In places around Australia, ranging from laboratories
to wildlife parks, investigators conducted experiments to test
the veracity of Lindy's account of Azaria's disappearance.
Blood, vegetation, and hair samples found on Azaria's clothing
were examined. Dead dingoes shot in the Ayers Rock region
following the disappearance were dissected by veterinarians
looking for either human bone or human protein. Tears in the
fibers of Azaria's clothing were studied——Did the tears
appeared to be caused by a dingo's teeth or by some human
instrument? At Cleland Park wildlife reserve in Adelaide, dingos
were tossed meat wrapped in a baby's nappy, so that the nappy
could be studied and compared to Azaria's. From these various
efforts, investigators began to build a case for murder.
Newspapers fueled suspicions that the Chamberlains
killed their baby, possibly as a religious sacrifice. Stories
reported rumors that the Chamberlains were somehow linked to the
Jonestown mass suicide two years earlier, or that Azaria might
have been killed to atone for sins of the Seventh-day Adventist
church. Reporters frequently observed that the many Australians
concluded from televised interviews with the fatalistic
Chamberlains that the couple's demeanor didn't match what they
would expect from a couple that had just tragically lost a
child.
On October 1, 1980 in Mount Isa, Charlwood conducted a
several-hour long separate interviews with Lindy and Michael
Chamberlain. His questions took her along the timeline from
their departure for Ayers Rock to the days following Azaria's
disappearance. The interview was relatively cordial, but Lindy
expressed repeated frustration with leaks to the press of
forensic tests that seemed to cast doubt on her account of
events. Charlwood took particular interest in Lindy's unusual
reaction to his suggestion that she be hypnotized in an effort
to pull out additional details concerning her sighting of the
dingo around the tent. Lindy immediately rejected the idea
saying, "The church wouldn't allow it and I wouldn't do it.
God slew Saul for that. Do you know Saul and the Witch of
Endor?"
First One Coroner's Inquest, Then Another
It fell to the magistrate and coroner of Alice Springs,
Denis Barritt, to conduct what would eventually turn out to be
the first of three coroner's inquests into the death of Azaria
Chamberlain. Journalists crowded into Barritt's no. 2 courtroom,
with its high ceilings, polished furniture, and landscape
paintings. The inquiry opened on December 16, 1980 with Ashley
Macknay for the Northern Territory laying out the case for human
intervention in her death. The evidence suggests that the
clothes were put in place, not dragged by a dingo and the
clothes show signs of being removed from the baby by a human,
Macknay argued. Moreover, he added, the damage to the clothes is
inconsistent with being caused by a dingo. Macknay questioned
Lindy Chamberlain, but generally failed to show her as a mother
with either the will or motive to kill her own child.

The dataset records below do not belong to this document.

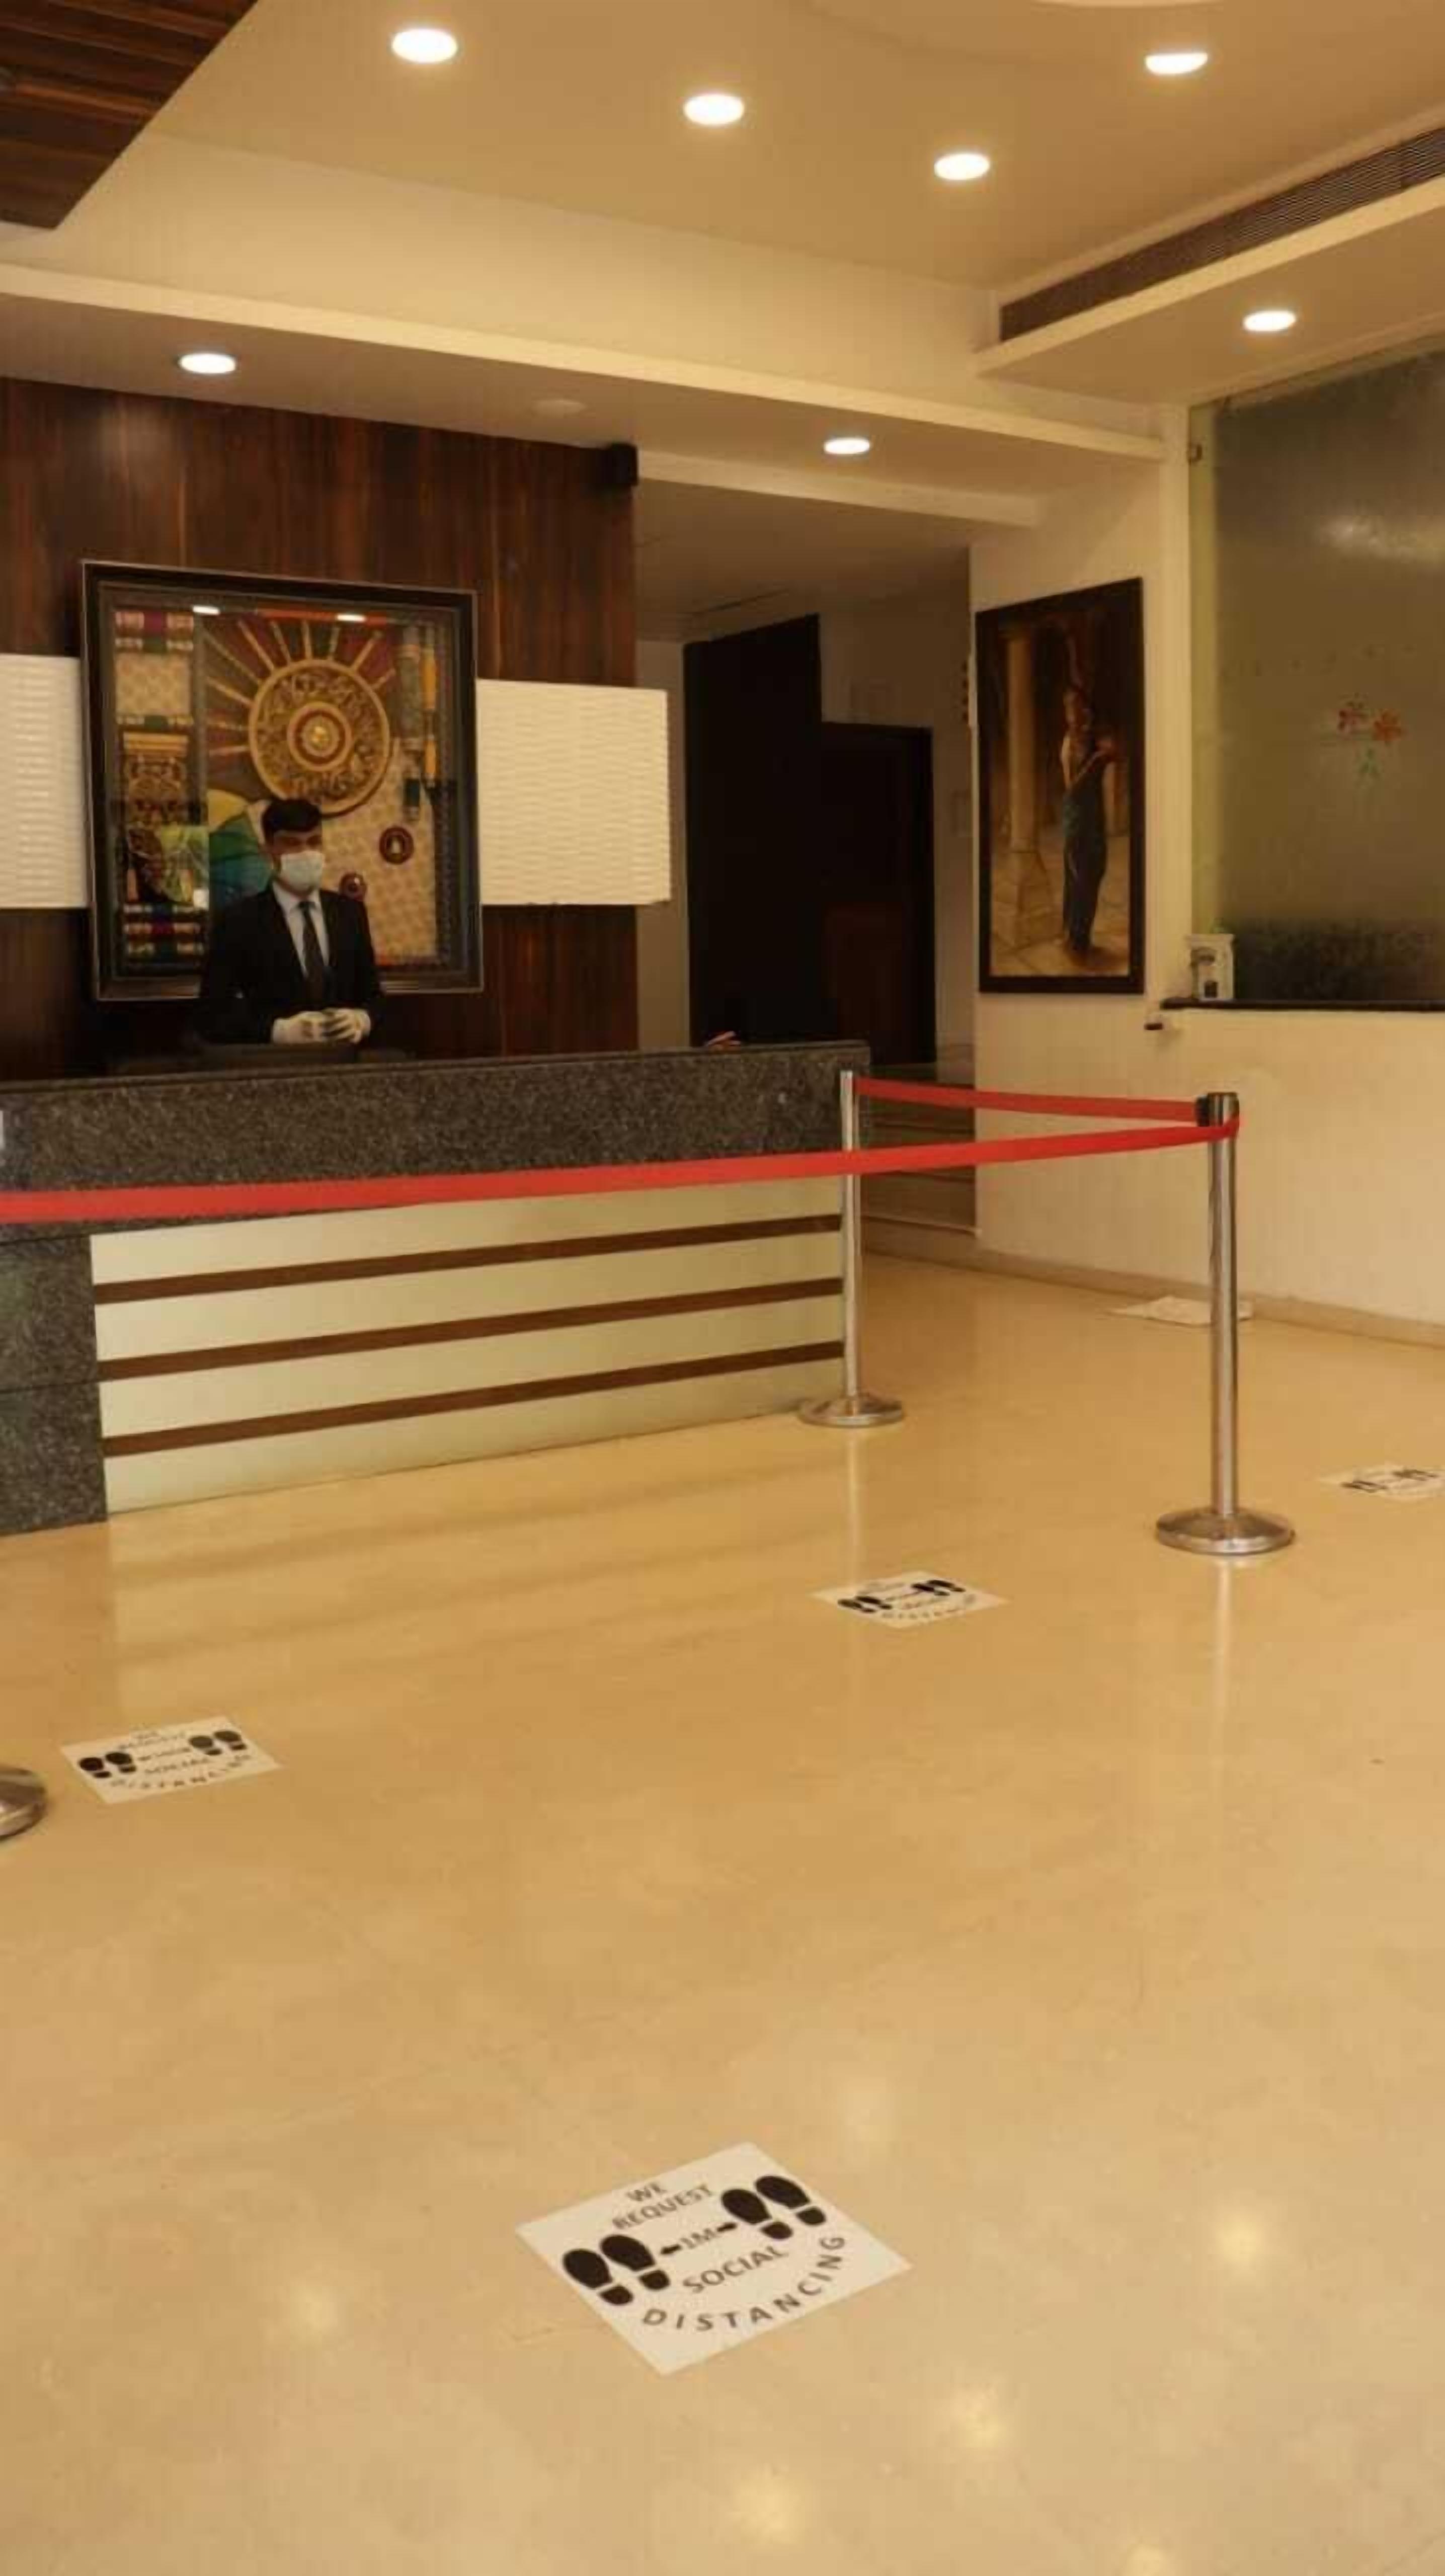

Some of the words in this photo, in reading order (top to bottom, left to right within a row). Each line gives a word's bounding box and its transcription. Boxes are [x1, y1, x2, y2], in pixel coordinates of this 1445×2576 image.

[612, 2184, 712, 2229] REQUEST
[626, 2183, 667, 2203] WE
[681, 2227, 718, 2249] 1M
[641, 2235, 846, 2331] DISTANCING
[683, 2246, 788, 2293] SOCIAL
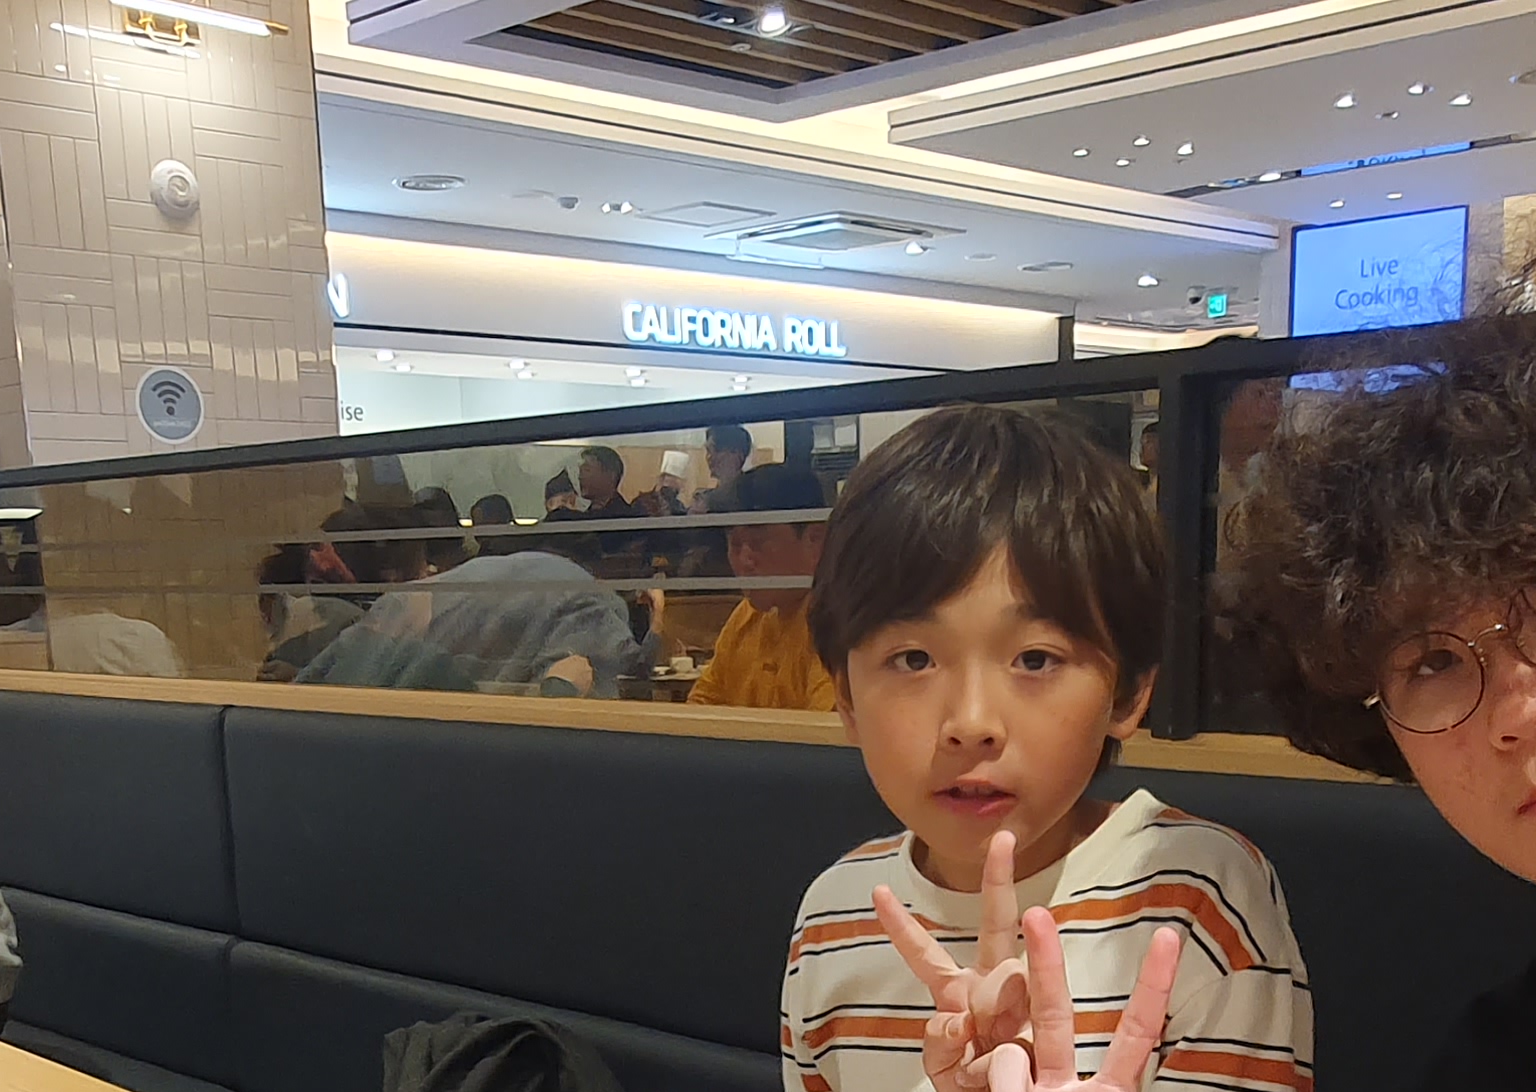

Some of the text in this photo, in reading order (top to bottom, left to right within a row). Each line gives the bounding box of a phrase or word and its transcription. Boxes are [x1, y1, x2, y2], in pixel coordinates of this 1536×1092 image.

[1360, 258, 1399, 278] Live
[1335, 283, 1419, 310] Cooking
[623, 302, 847, 357] CALIFORNIA ROLL
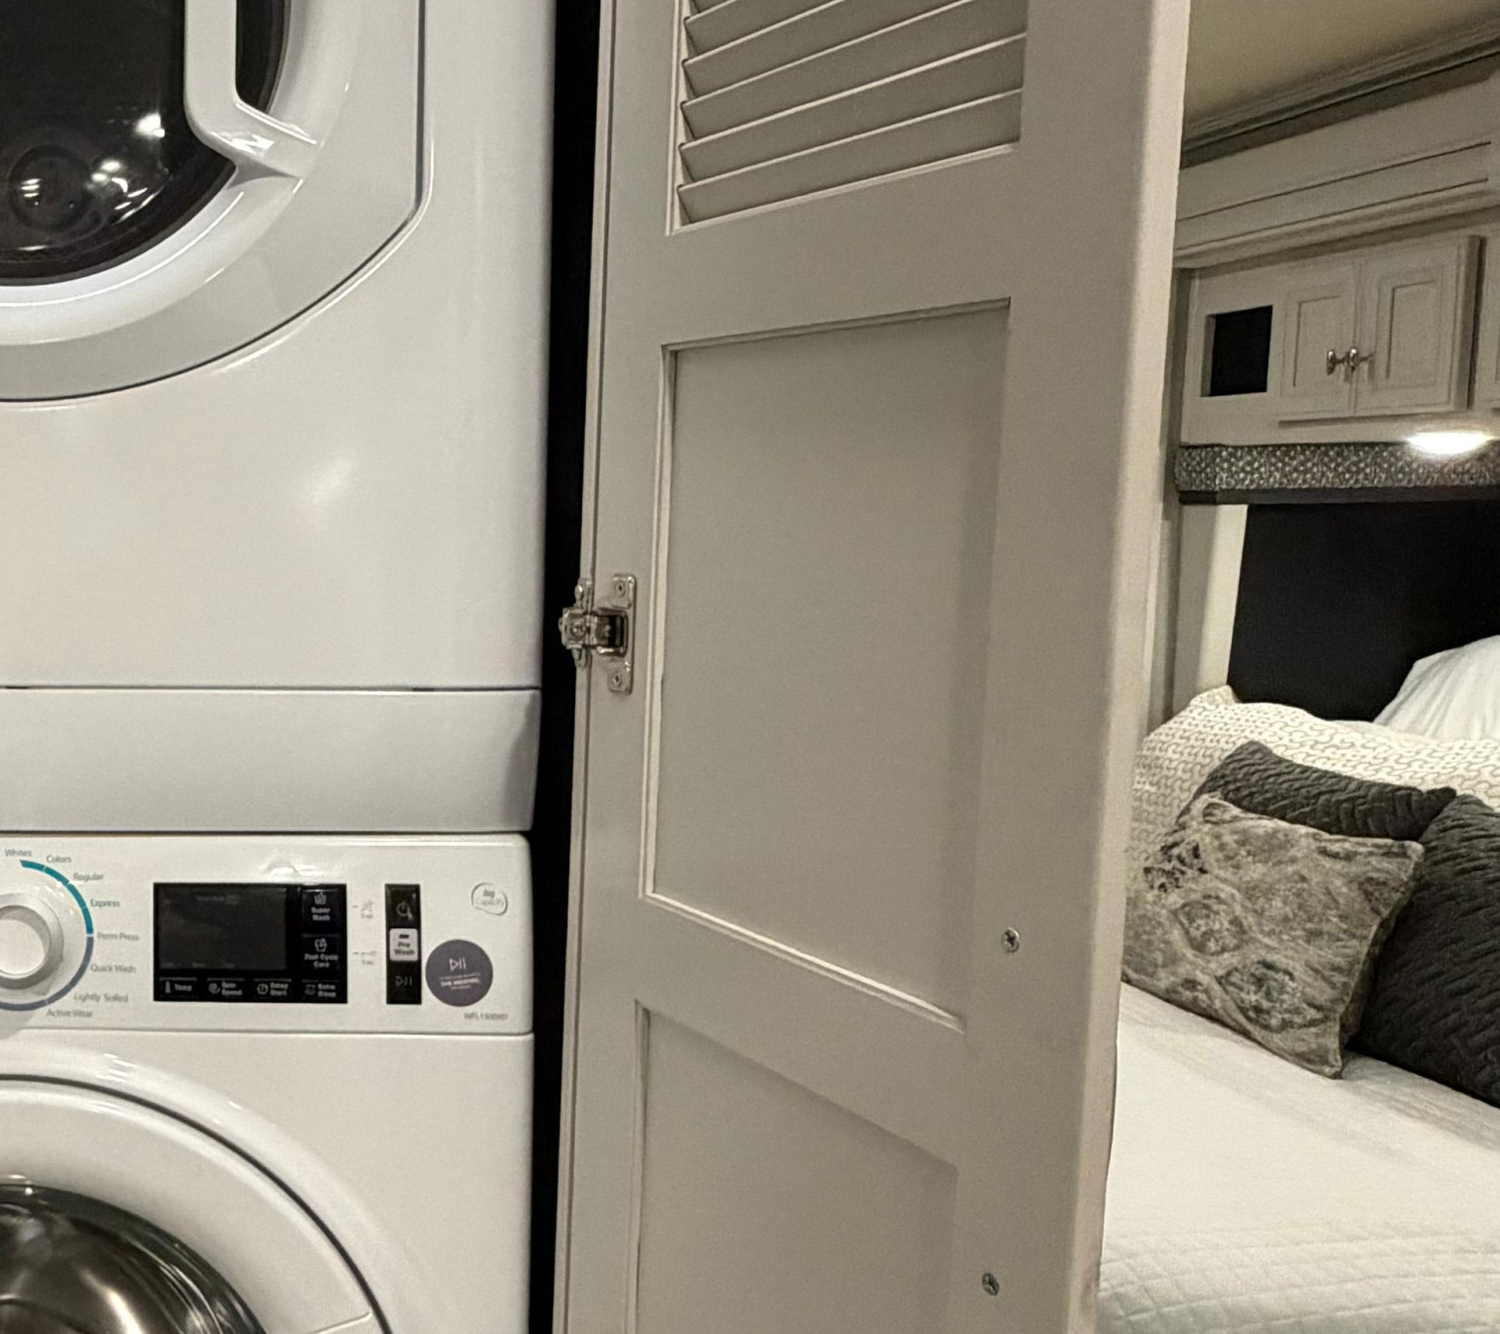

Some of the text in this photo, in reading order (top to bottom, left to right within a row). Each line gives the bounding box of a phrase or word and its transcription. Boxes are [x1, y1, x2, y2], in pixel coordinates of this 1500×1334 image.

[5, 849, 32, 857] Whites
[46, 854, 72, 863] Colors
[73, 872, 104, 882] Regular
[90, 898, 120, 908] Express

Television cameras were live when Barritt announced his
findings. Barritt concluded his discussion of the voluminous
evidence by finding that Azaria "met her death when
attacked by a wild dingo whilst asleep in her family's
tent." Neither of her parents were, Barritt found, "in
any degree whatsoever responsible for her death." Still,
the number of oddities concerning Azaria's clothing convinced
Barritt that "the body of Azaria was taken from the
possession of the dingo and disposed of by an unknown method, by
a person or persons name unknown."
Coroner Barritt's findings might have been expected to
discourage investigators bent on proving Lindy Chamberlain a
murderer, but they did not. On September 19, 1981, officers of
the Northern Territory police conducted a four-and-a-half hour
search of the Chamberlain's home, seizing over three hundred
items ranging from items of clothing to scissors to the yellow
Torana that they had driven to Ayers Rock. Detective Charlwood
revealed to Lindy that the search had been prompted in part by
the findings of British forensic expert James Cameron, who
concluded from examining the baby's clothes that no dingo had
been involved in her disappearance. Lindy reacted coolly:
"I didn't know there were any dingo experts in
London."
In November 1981, Chief Minister Everingham, as
attorney-general for the Northern Territory filed a motion to
quash the findings of the first inquest based on newly
discovered evidence. What finally convinced authorities to push
for a second inquest was the presence of large quantities of
blood in the Chamberlain's dismantled automobile.
The second inquest into the death of Azaria opened in
Alice Springs on December 14, 1981, before Coroner Gerry P.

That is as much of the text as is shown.